•  

    Jean-Claude Izzo s’est éteint le 26 janvier 2000 à Marseille.  Son écriture, même arrachée à son corps, a toujours une couleur sombre et un sens : celui du geste moissonné ou perdu.  Il n’est plus là mais sa place est encore chaude dans le monde du polar.  La vie est cruelle plus que vaine… écrivait-il, en dédicace de son recueil de poèmes  « L’aride des jours »,  à ceux qu’il aimait.  Eugenio Montale y  ajoutait : «  Et un jour ces paroles muettes qu’avec toi nous avions nourries de lassitudes et de silences, sembleront à un cœur fraternel toutes savoureuses de sel grec. »

     

    Jean-Claude Izzo n’aurait eu que  65 ans. Il nous a quitté à l’âge de 55 ans…Dans le guide du polar 2006 " Folio Policier ", offert par votre libraire, avec un hommage à Jean-Claude IZZO, on découvrait  " la consolation de Fabio Montale ", un petit texte inédit de cet auteur regretté et trop vite parti…." Car Jean-Claude Izzo est un météore. Fulgurant, lumineux, insaisissable.
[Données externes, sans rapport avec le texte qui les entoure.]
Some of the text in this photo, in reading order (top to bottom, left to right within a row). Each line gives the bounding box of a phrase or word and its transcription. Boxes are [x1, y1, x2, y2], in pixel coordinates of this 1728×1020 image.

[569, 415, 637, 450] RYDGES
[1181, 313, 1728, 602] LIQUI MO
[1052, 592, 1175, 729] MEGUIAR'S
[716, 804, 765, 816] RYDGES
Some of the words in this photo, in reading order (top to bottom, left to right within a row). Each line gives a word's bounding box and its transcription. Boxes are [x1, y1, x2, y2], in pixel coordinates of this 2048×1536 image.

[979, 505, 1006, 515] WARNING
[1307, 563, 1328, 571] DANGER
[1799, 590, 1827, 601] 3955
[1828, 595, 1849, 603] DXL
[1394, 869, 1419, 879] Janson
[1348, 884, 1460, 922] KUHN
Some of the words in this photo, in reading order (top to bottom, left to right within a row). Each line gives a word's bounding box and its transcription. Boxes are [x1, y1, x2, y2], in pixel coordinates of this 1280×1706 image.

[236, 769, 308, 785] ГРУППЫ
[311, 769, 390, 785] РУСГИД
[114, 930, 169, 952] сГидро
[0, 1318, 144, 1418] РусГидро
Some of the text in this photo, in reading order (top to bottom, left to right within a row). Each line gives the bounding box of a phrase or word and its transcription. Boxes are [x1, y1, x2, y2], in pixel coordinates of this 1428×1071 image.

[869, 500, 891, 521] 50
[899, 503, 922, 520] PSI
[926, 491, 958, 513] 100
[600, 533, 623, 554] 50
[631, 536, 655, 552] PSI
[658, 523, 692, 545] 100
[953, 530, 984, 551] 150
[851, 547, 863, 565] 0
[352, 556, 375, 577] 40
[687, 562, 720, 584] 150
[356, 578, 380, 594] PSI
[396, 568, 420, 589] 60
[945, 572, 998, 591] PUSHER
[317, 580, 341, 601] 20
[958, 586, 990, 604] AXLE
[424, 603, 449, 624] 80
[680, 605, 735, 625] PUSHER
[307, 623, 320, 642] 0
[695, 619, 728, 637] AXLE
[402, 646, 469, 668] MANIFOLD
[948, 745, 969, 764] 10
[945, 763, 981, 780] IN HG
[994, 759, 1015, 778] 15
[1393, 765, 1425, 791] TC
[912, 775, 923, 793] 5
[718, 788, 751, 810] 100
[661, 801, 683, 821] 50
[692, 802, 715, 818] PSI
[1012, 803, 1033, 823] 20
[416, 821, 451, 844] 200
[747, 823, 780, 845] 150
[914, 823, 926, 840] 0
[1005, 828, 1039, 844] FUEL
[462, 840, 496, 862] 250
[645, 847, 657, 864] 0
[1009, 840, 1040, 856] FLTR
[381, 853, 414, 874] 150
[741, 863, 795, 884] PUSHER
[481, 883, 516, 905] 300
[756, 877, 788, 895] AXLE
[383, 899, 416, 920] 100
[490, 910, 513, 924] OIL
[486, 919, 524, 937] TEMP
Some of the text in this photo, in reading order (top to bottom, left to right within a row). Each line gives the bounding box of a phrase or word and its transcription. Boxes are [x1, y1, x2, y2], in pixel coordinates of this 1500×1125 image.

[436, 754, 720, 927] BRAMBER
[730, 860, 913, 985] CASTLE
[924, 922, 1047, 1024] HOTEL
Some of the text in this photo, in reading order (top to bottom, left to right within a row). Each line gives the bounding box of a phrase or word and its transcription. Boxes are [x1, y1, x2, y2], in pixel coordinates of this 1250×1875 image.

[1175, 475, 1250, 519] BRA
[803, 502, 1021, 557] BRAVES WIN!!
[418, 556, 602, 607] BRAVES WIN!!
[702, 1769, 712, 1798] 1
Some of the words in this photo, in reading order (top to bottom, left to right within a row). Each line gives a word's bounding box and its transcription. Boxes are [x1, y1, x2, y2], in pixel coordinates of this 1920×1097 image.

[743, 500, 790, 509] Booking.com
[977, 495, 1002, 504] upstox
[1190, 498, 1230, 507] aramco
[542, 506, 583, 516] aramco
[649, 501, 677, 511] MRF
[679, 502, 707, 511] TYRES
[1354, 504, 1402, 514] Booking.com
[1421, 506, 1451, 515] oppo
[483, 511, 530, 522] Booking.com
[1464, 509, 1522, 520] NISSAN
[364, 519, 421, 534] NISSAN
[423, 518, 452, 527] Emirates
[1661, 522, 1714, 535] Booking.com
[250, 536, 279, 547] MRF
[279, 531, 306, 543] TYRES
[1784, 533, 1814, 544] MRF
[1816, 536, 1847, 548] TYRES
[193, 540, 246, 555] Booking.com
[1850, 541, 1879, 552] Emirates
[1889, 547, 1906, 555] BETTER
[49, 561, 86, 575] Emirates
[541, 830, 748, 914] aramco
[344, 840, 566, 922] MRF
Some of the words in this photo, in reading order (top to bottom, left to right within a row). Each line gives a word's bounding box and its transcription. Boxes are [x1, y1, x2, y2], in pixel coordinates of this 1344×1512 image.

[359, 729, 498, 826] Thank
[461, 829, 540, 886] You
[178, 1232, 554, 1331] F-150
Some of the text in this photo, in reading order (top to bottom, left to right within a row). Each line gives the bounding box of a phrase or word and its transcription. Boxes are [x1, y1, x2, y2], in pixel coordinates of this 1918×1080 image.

La densité de sa lumière est variable selon le moment, selon notre position sur la Terre, selon que nos yeux sont ouverts et notre cœur réceptif. " Cet épitaphe est extrait de " Jean-Claude Izzo, la trajectoire d’un homme", biographie écrite par Nadia Dhoukar. Cette universitaire,  auteur d’une  biographie de Jean-Claude Izzo ( associée à la Trilogie Fabio Montale publiée en juin 2006,  folio de Gallimard, prix de 10€) lors d’une interview sur le blog « Corse noire », avait dit de Fabio Montale…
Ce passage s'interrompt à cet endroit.